__Spatial localization data__

**********

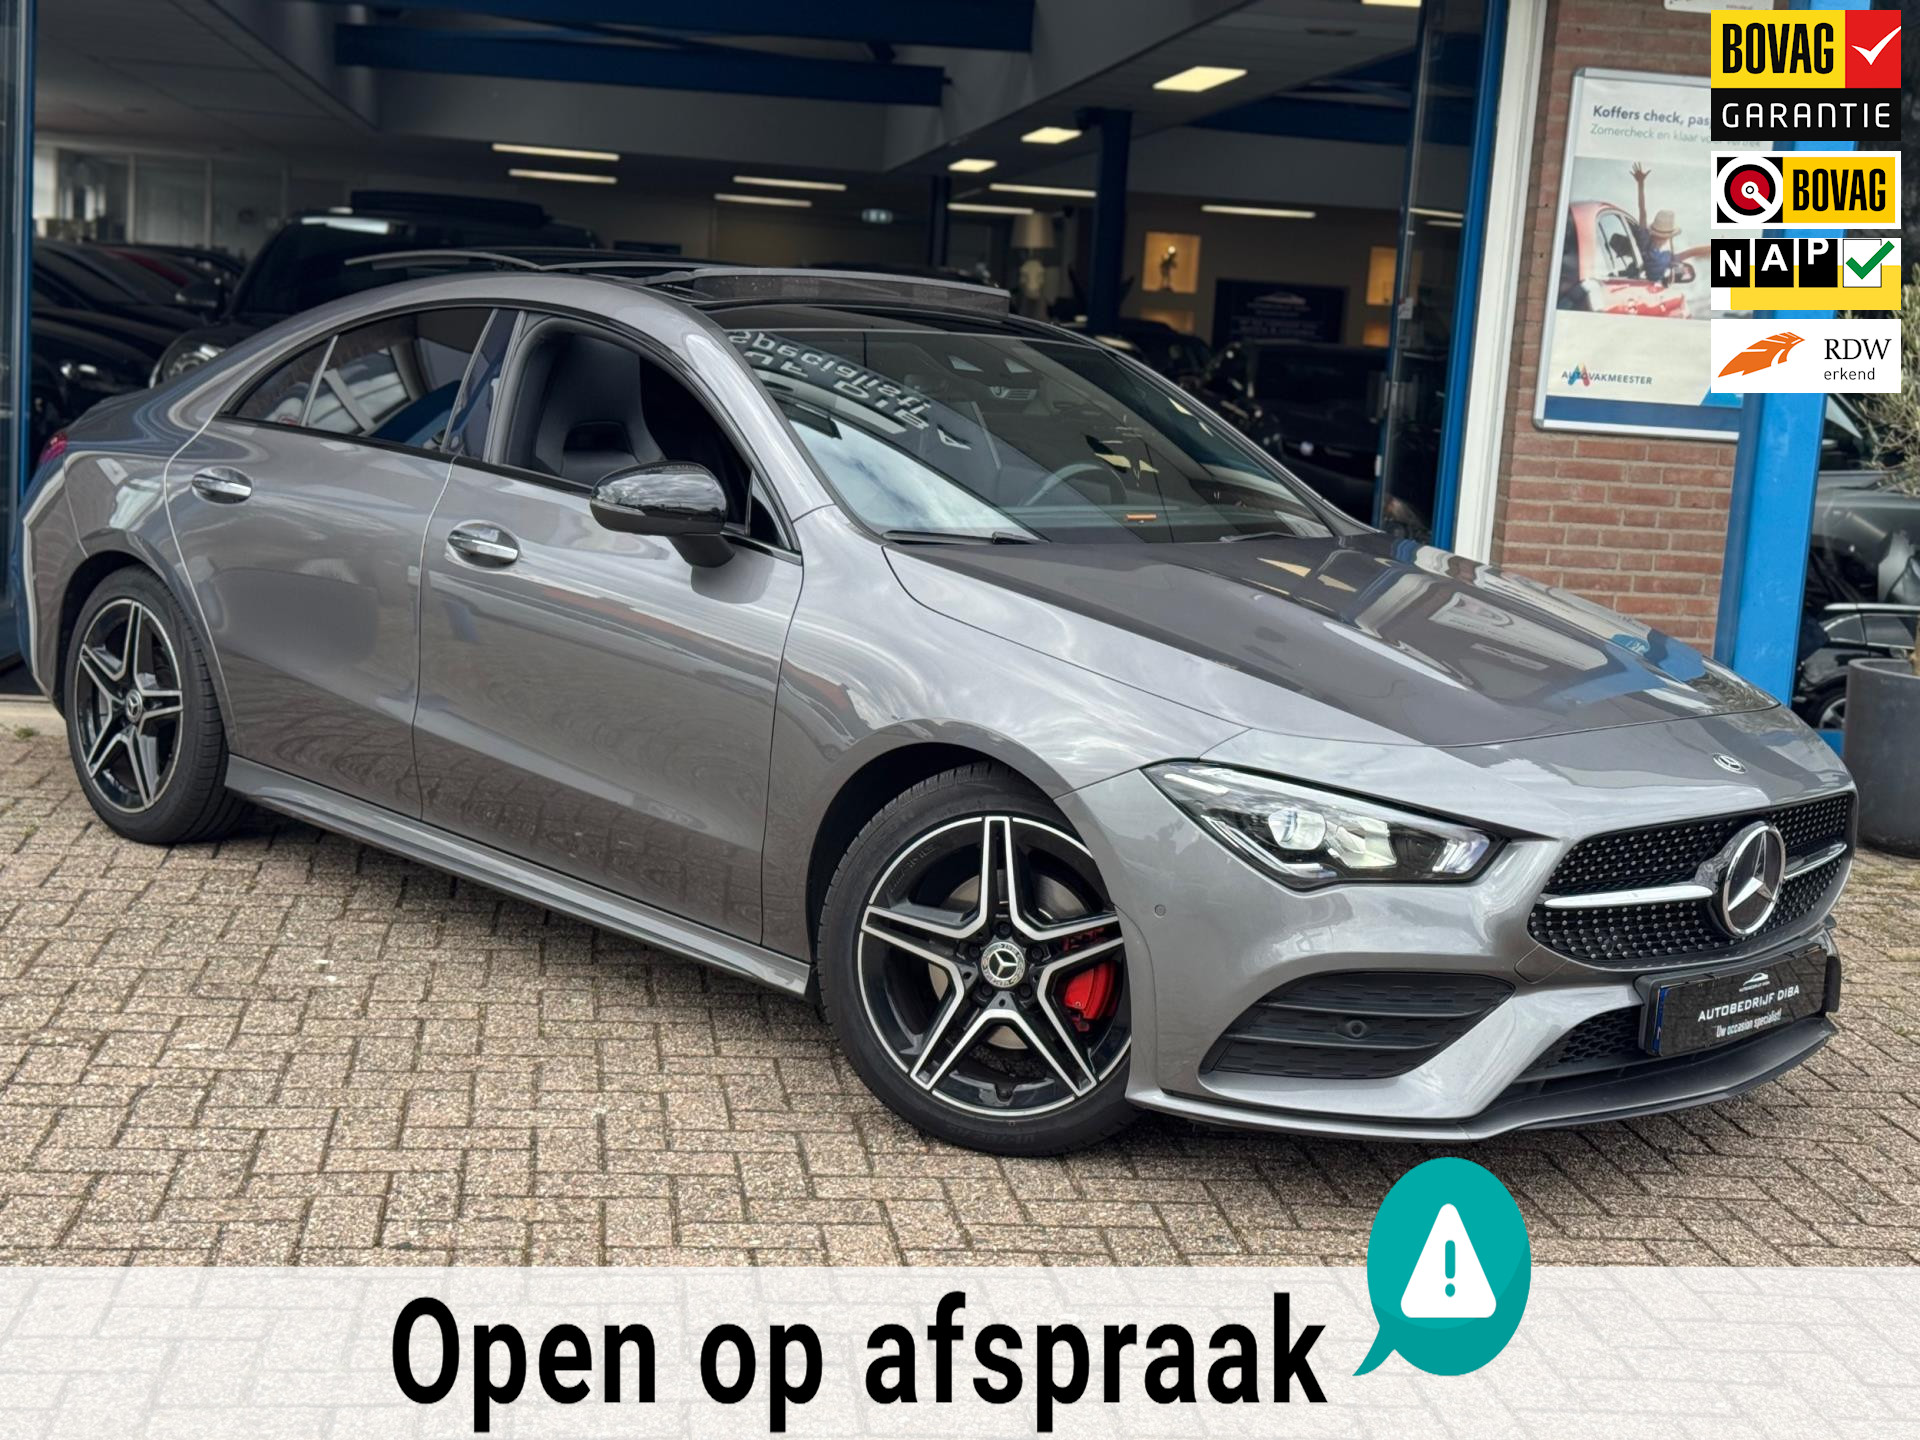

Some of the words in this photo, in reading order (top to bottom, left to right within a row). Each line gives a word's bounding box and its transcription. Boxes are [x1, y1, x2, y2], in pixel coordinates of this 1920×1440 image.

[1593, 105, 1640, 120] Koffers
[1643, 109, 1684, 126] check,
[1590, 123, 1654, 139] Zomercheck
[1656, 131, 1670, 141] en
[1673, 130, 1698, 143] klaar
[1697, 992, 1775, 1022] AUTOBEDRIJF
[1777, 984, 1800, 1001] DIBA
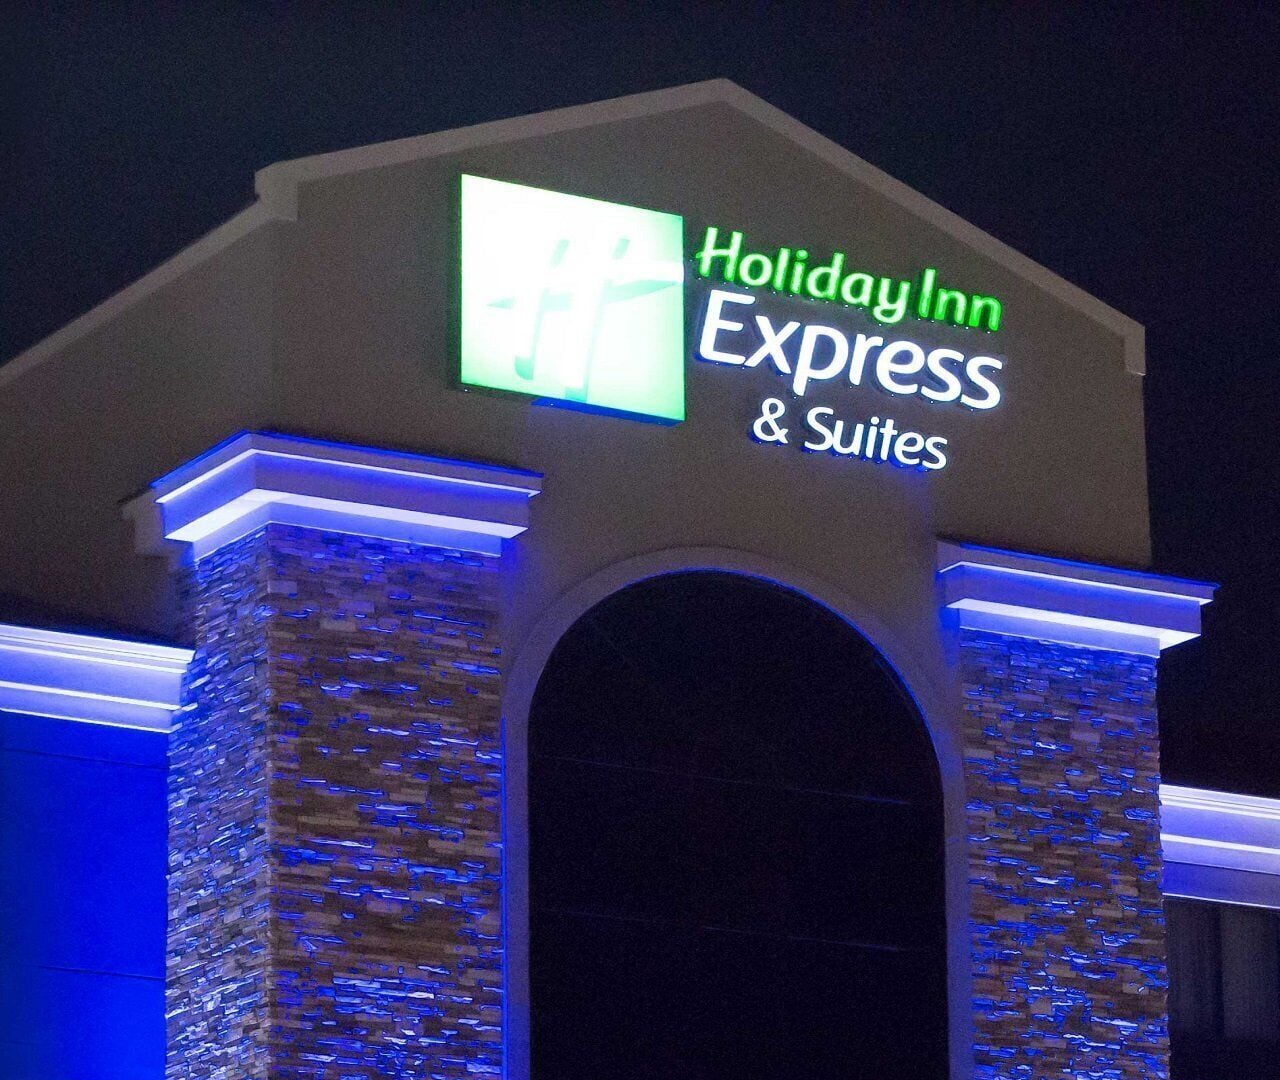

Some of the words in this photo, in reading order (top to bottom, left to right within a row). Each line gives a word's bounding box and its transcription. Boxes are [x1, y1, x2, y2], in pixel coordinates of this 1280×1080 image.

[695, 226, 910, 324] Holiday
[919, 268, 1003, 332] Inn
[697, 288, 1004, 411] Express
[752, 397, 788, 445] &
[803, 405, 949, 471] Suites
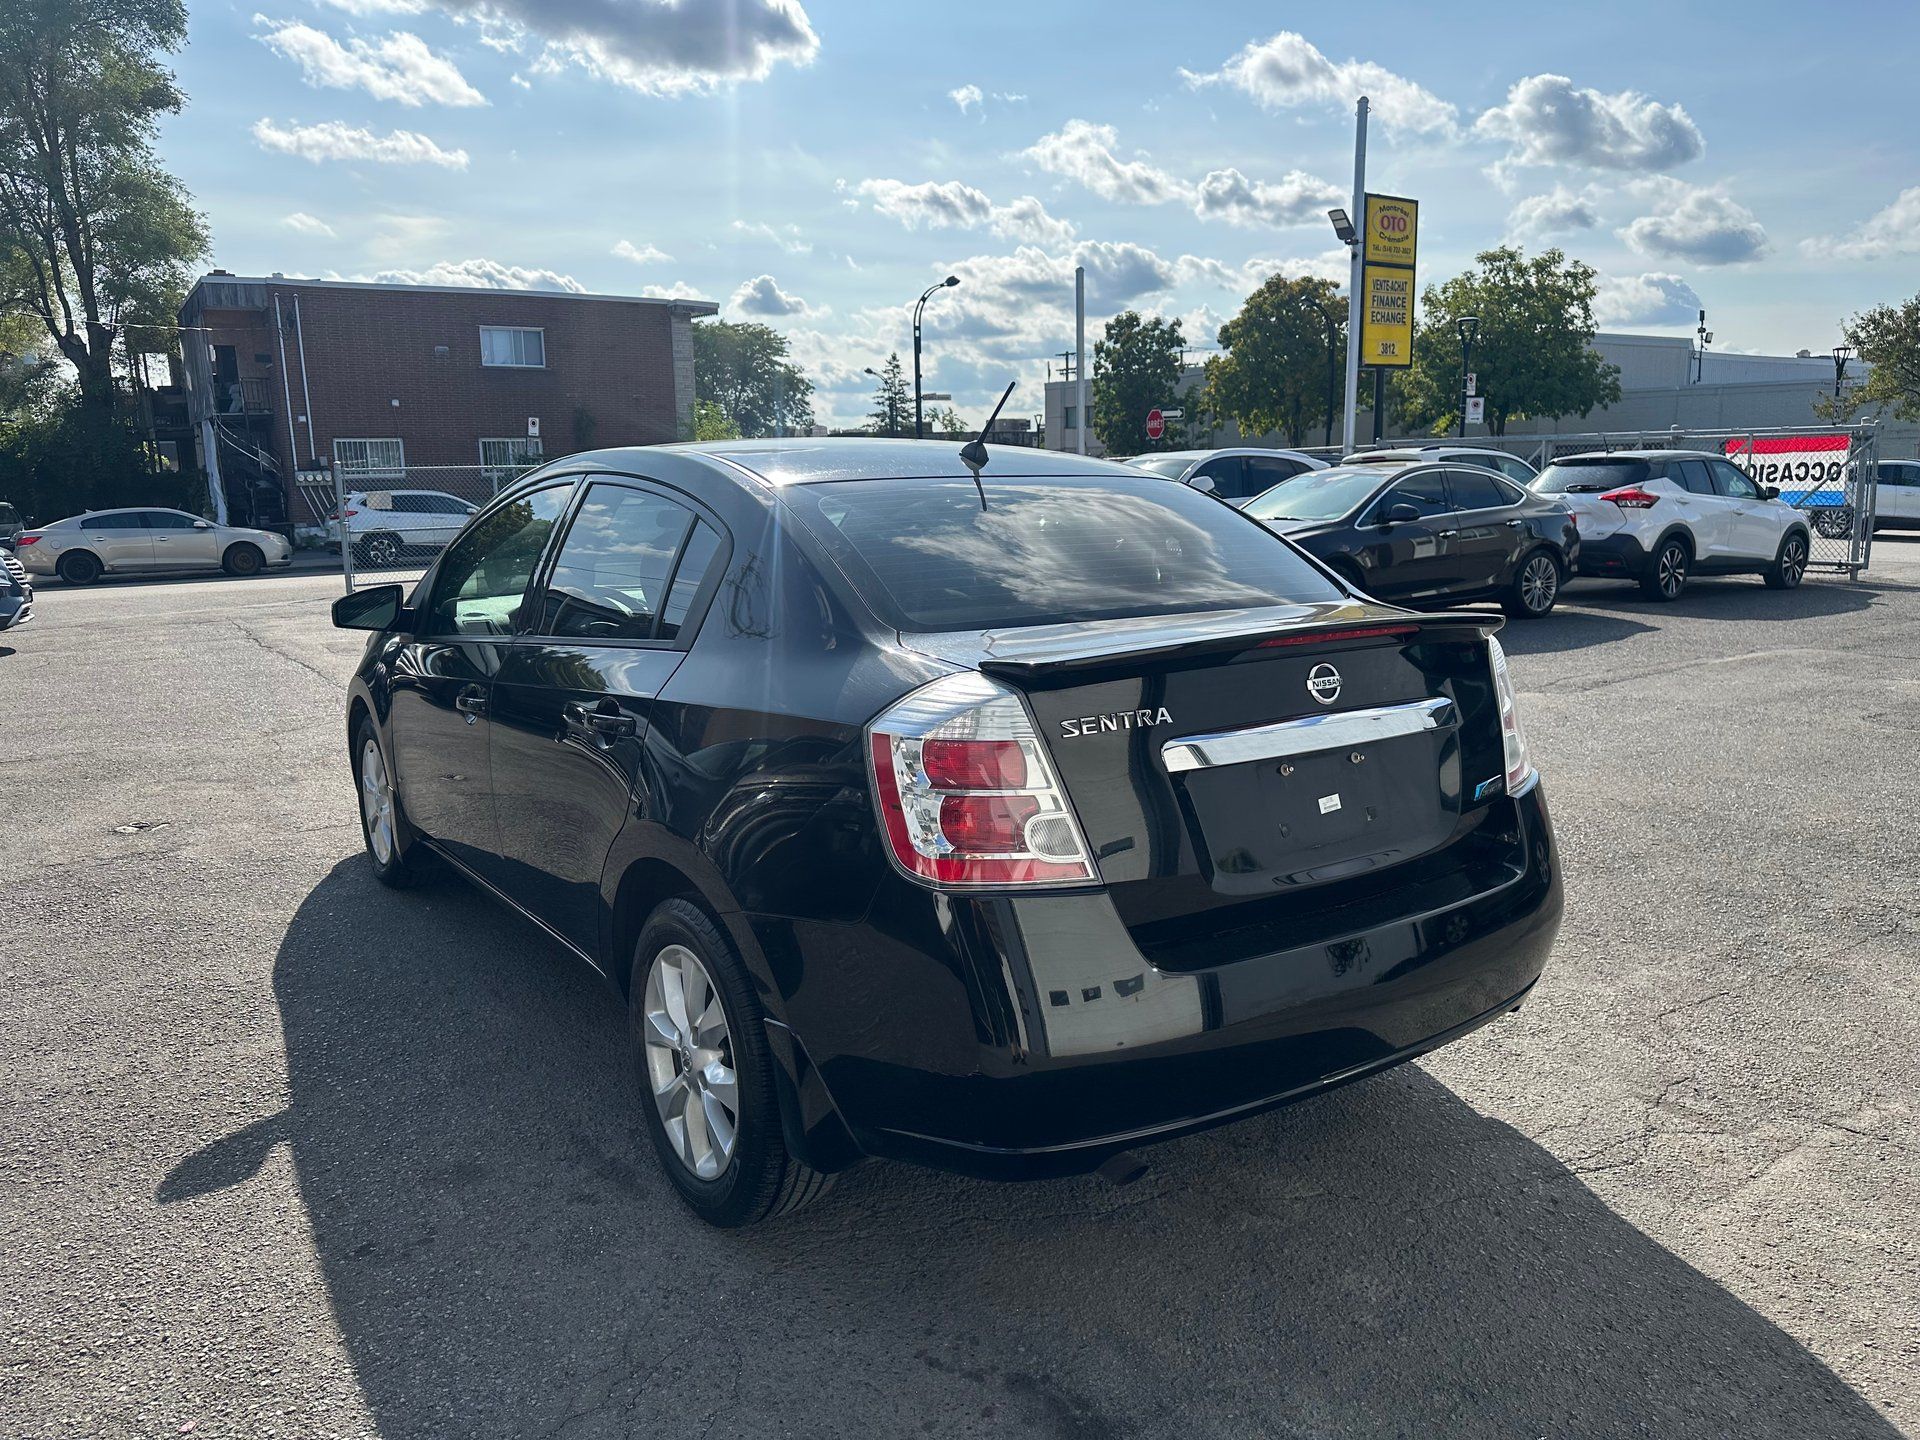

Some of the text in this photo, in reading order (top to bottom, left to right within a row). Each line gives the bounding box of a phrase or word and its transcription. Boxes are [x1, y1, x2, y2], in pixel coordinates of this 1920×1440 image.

[1380, 215, 1407, 232] OTO
[1372, 295, 1406, 308] FINANCE
[1371, 311, 1406, 324] ECHANGE
[1381, 342, 1396, 355] 3812
[1312, 677, 1341, 688] NISSAN
[1060, 706, 1174, 739] SENTRA

**********

Now reproduce all of the entries precisely, with no pictures in the copy.

__ANSWER FOR THE TASK__
Some of the words in this photo, in reading order (top to bottom, left to right within a row). Each line gives a word's bounding box and its transcription. Boxes are [x1, y1, x2, y2], in pixel coordinates of this 1920×1440 image.

[1593, 105, 1640, 120] Koffers
[1643, 109, 1684, 126] check,
[1590, 123, 1654, 139] Zomercheck
[1656, 131, 1670, 141] en
[1673, 130, 1698, 143] klaar
[1697, 992, 1775, 1022] AUTOBEDRIJF
[1777, 984, 1800, 1001] DIBA

Some of the words in this photo, in reading order (top to bottom, left to right within a row). Each line gives a word's bounding box and its transcription. Boxes are [x1, y1, x2, y2], in pixel coordinates of this 1280×1080 image.

[695, 226, 910, 324] Holiday
[919, 268, 1003, 332] Inn
[697, 288, 1004, 411] Express
[752, 397, 788, 445] &
[803, 405, 949, 471] Suites

Some of the text in this photo, in reading order (top to bottom, left to right within a row). Each line gives the bounding box of a phrase or word and its transcription. Boxes are [x1, y1, x2, y2], in pixel coordinates of this 1920×1440 image.

[1380, 215, 1407, 232] OTO
[1372, 295, 1406, 308] FINANCE
[1371, 311, 1406, 324] ECHANGE
[1381, 342, 1396, 355] 3812
[1312, 677, 1341, 688] NISSAN
[1060, 706, 1174, 739] SENTRA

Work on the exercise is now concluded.